From does this about six times per episode, without ever upsetting the rhythm or stretching your enjoyment to breaking point. Arguably the best evidence of this is the obligatory ‘previously on’ segment. On all other shows, I skip these instantly since I can usually work out from their contents the entire makeup of the episode to follow. From doesn’t suffer from this problem, because it has so many nesting, possibly contradictory, mysteries, that I relish reminding myself of the 85 dangling enigmas that might be addressed in the hour to come.

Gah, I feel I might have lost you already. One flaw in recommending such a show is that TV viewers no longer have any faith that said mysteries will get any useful conclusion. Certainly, the spectre of Lost, and its resolute refusal to give its innumerable mysteries a satisfactory resolution, looms heavy. 

But even then, Lost had six seasons, 121 episodes and the full, unbreakable backing of its parent network to make the attempt.

Nowadays, TV shows are so frequently killed in the crib that placing your eggs in any televisual basket is a fool’s errand. Already this year, two big Netflix shows I enjoyed, Half Bad and Lockwood & Co, were cancelled mere weeks after their first, perfectly charming, series had landed. 

Often, the first time I hear about a new show is when I see an announcement they’ve been cancelled, written as a Notes app apology to fans by their stricken creators. The obvious human reaction is to simply refuse to get invested in such shows until they’re a few seasons in.

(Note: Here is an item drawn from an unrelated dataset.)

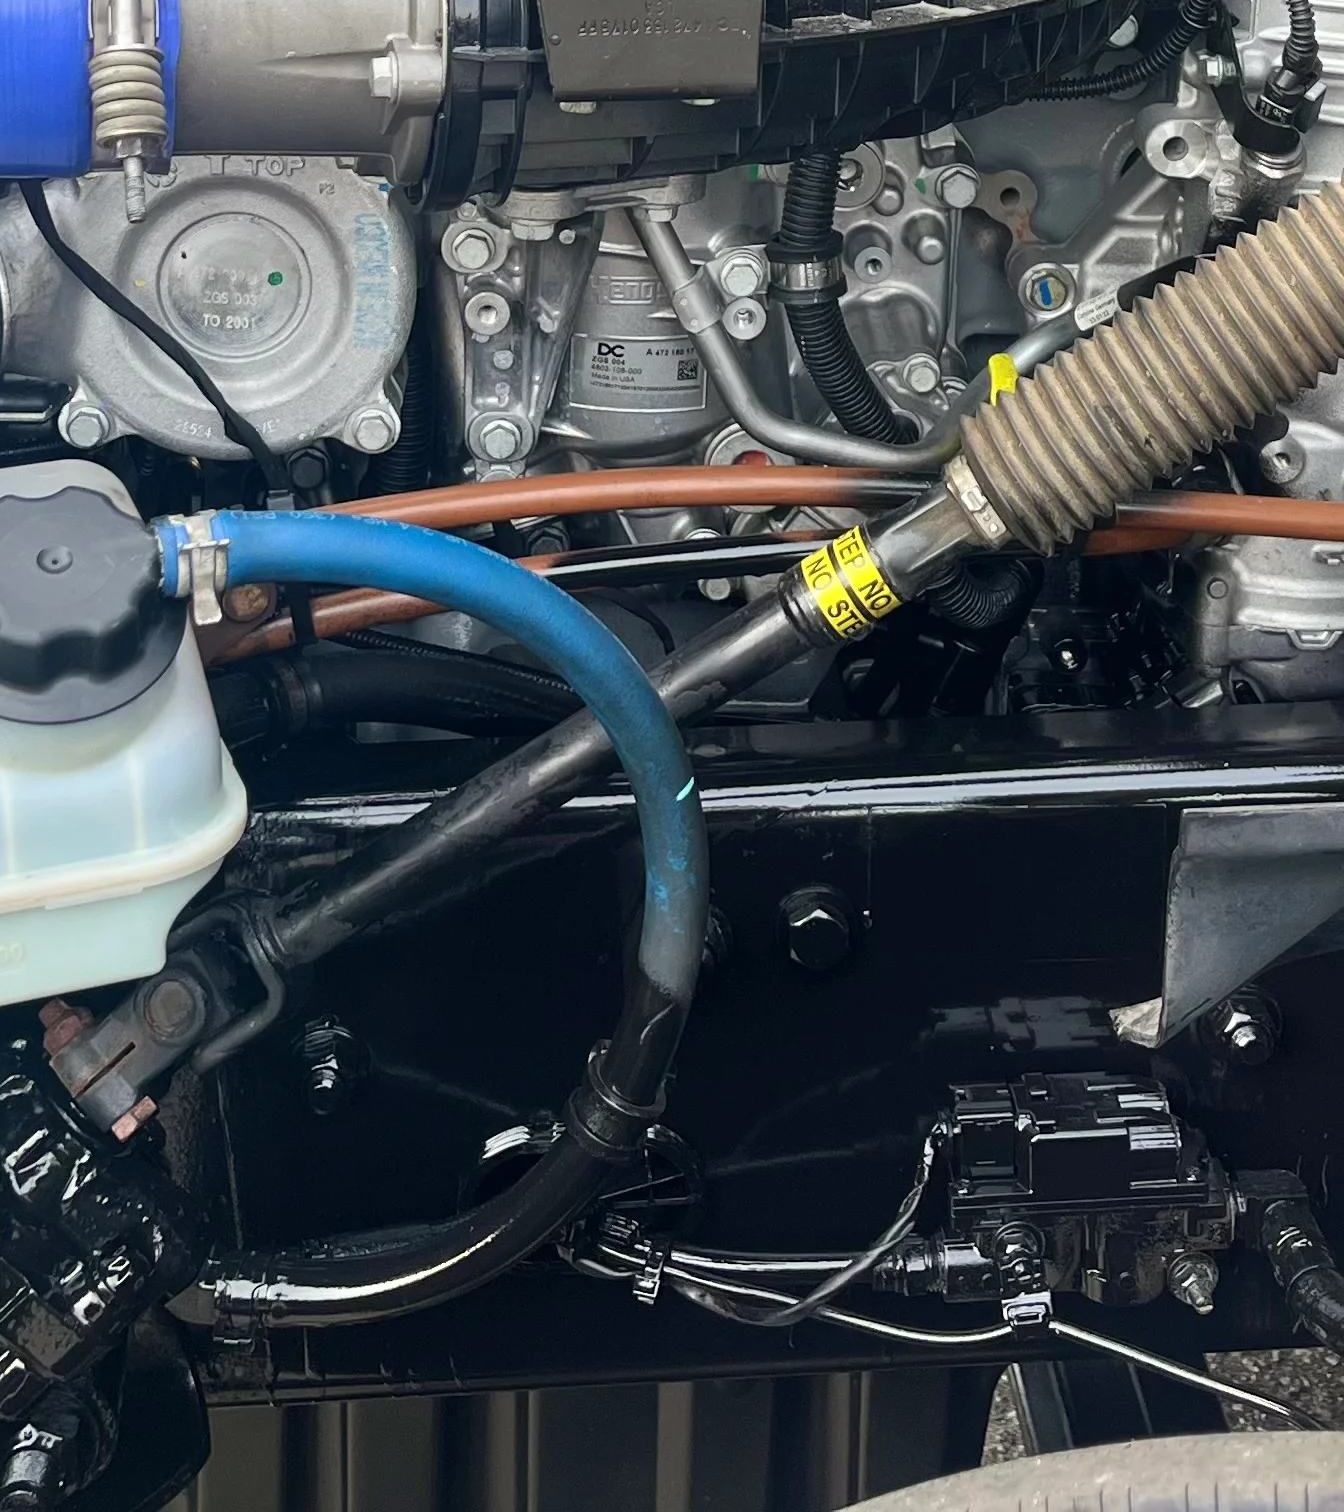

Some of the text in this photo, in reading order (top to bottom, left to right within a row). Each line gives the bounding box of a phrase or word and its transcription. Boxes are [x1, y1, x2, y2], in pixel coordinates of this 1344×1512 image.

This however is a Catch-22, since streaming services make their commissioning decisions based on how many people watch them the first week they’re out.

This, I find is the true horror. Streaming TV has trapped its viewers in a strange facsimile of a place we once knew, overseen by forces we don’t yet understand. It kind of reminds me of a show I really think you should watch, if I could only remember the name of it.